O presente artigo analisa a necessidade de modulação dos efeitos do Tema 1335 do STF, que trata da aplicação da taxa SELIC para pagamentos de precatórios pela Fazenda Pública. Argumenta-se que a ausência de modulação pode gerar insegurança jurídica e violar o princípio da coisa julgada, impactando negativamente os jurisdicionados que obtiveram o direito à incidência da SELIC em processos já transitados em julgado. Defende-se a importância da modulação para garantir a justiça, a equidade e a previsibilidade do sistema jurídico brasileiro.
Introdução
O Supremo Tribunal Federal (STF), ao julgar o Tema 1335 de repercussão geral, definiu que a taxa SELIC incide durante o prazo de pagamento de precatórios previsto no art. 100, § 5º, da Constituição Federal. Essa decisão, embora aparentemente simples, gera impactos significativos nas relações entre o Estado e os cidadãos, especialmente aqueles que possuem precatórios a receber.
Ocorre que, antes da fixação do Tema 1335, diversos tribunais pátrios já haviam se manifestado sobre a incidência de juros moratórios nos precatórios, adotando entendimentos diversos, inclusive favoráveis à aplicação da SELIC. Diante disso, surge o questionamento: como garantir a segurança jurídica e a justiça para aqueles que, com base em decisões judiciais definitivas, já haviam assegurado o direito à incidência da SELIC?

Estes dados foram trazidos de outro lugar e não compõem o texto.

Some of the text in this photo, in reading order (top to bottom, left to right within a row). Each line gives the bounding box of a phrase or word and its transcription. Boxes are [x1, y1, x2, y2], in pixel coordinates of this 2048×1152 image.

É nesse contexto que a modulação dos efeitos da decisão do STF se mostra crucial. A modulação, instituto previsto no art. 27 da Lei nº 9.868/99, permite ao STF definir o momento a partir do qual a nova tese jurídica passará a produzir efeitos, resguardando situações consolidadas sob a égide do entendimento anterior.
Explanações sobre o tema
A Constituição Federal de 1988, em seu artigo 5º, XXXVI, consagra o princípio da coisa julgada, garantindo que “a lei não prejudicará o direito adquirido, o ato jurídico perfeito e a coisa julgada”. Esse princípio assegura estabilidade às relações jurídicas, impedindo que decisões judiciais definitivas sejam desconstituídas por alterações legislativas ou jurisprudenciais posteriores.

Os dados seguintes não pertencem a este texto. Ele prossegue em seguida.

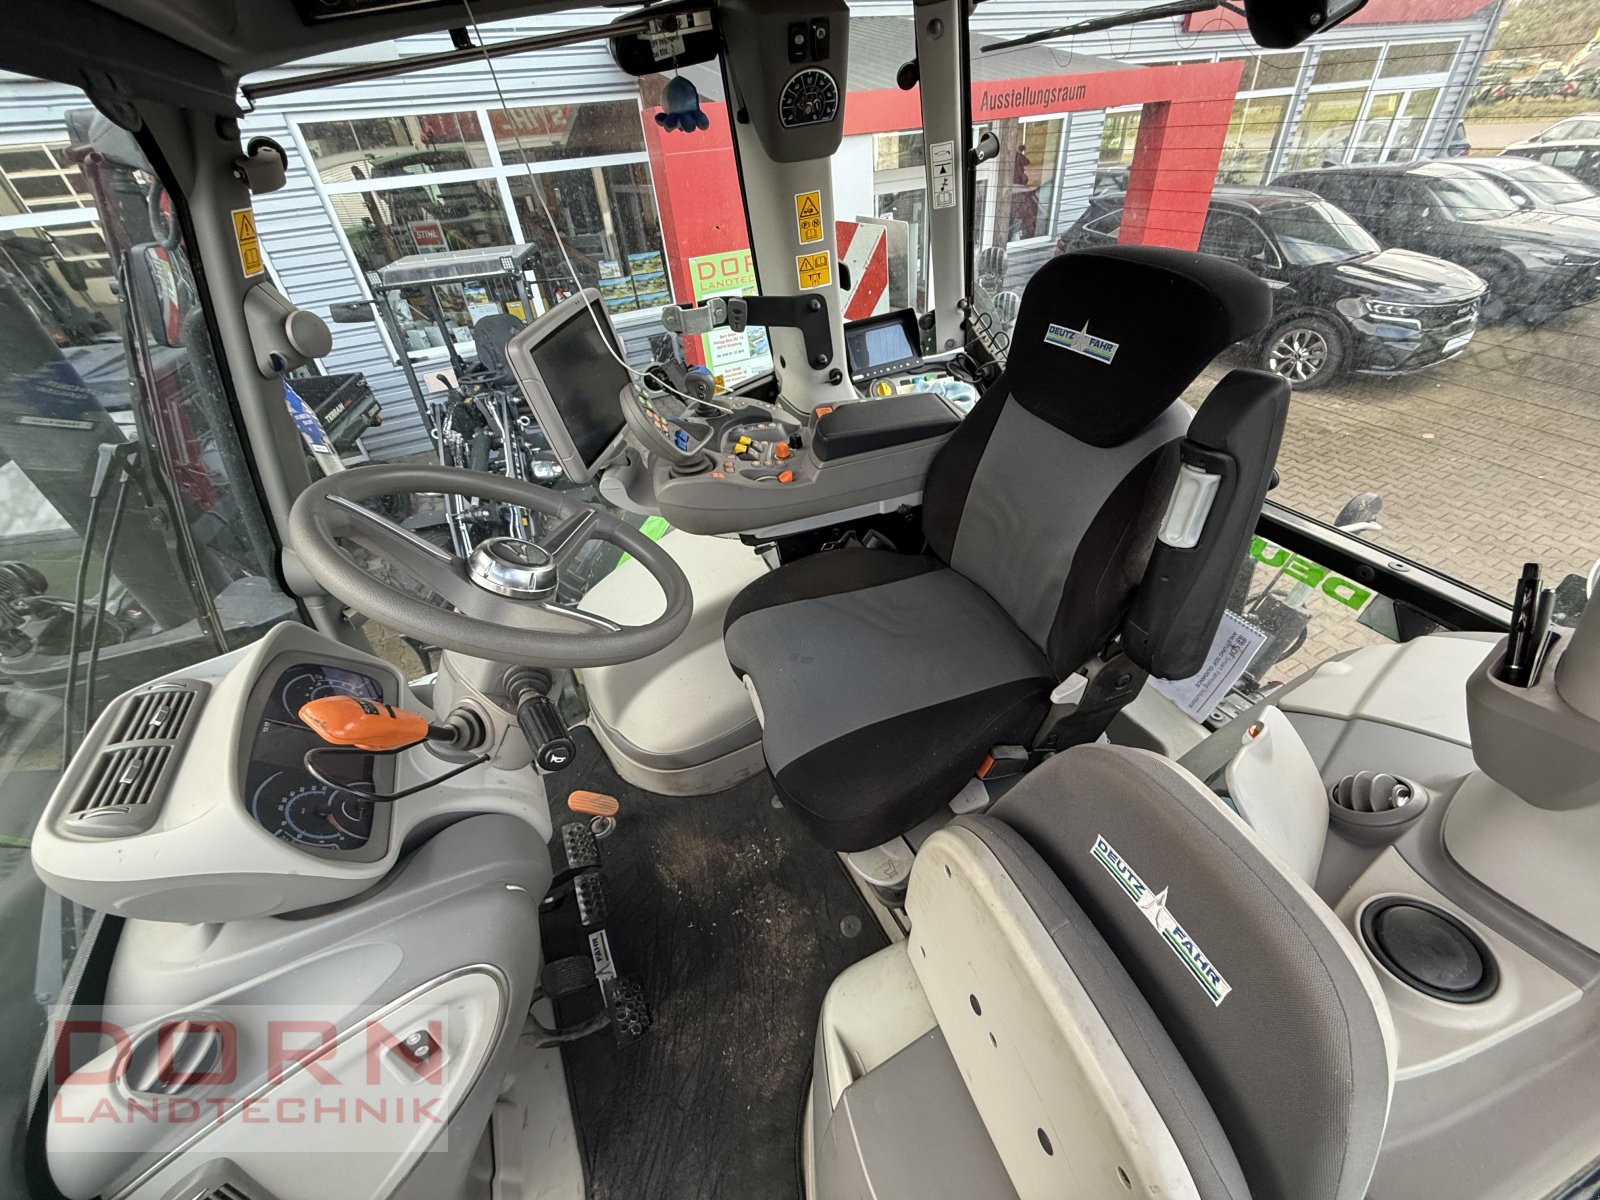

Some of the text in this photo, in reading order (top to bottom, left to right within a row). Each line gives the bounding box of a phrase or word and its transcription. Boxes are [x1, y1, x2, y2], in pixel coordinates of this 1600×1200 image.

[980, 84, 1087, 112] Ausstellungsraum
[415, 230, 439, 239] STIHL
[1049, 326, 1114, 352] DEUTZ FAHR
[1228, 643, 1241, 659] SDF
[1195, 665, 1214, 688] GUIDANCE
[1097, 840, 1221, 986] DEUTZ FAHR
[592, 937, 603, 962] FAHR

No caso do Tema 1335, a ausência de modulação dos efeitos da decisão do STF pode gerar grave insegurança jurídica e violar o princípio da coisa julgada. Imagine a situação de um cidadão que, após anos de litígio, obteve o reconhecimento judicial do seu direito à incidência da SELIC sobre o valor do seu precatório. Se o STF não modular os efeitos da sua decisão, essa pessoa poderá ser prejudicada, tendo seu direito revisto e o valor do seu precatório reduzido.
A jurisprudência do Superior Tribunal de Justiça (STJ) já se manifestou sobre a importância da modulação dos efeitos em casos semelhantes, homenageando os princípios da coisa julgada e da segurança julgada. No julgamento EDcl no AgInt no AgRg no AREsp: 2085 RJ 2011/0045718-3, o STJ reconheceu a necessidade de modular os efeitos de um Tema do STF que afastava o recebimento de certas verbas de servidores públicos, de modo que aqueles que já haviam obtido sentenças favoráveis, principalmente aquelas já transitadas em julgado, tivessem o pagamento mantido, mesmo que o direito tenha sido derrubado pela nova decisão (Tema 395, STF), preservando, assim, a segurança jurídica.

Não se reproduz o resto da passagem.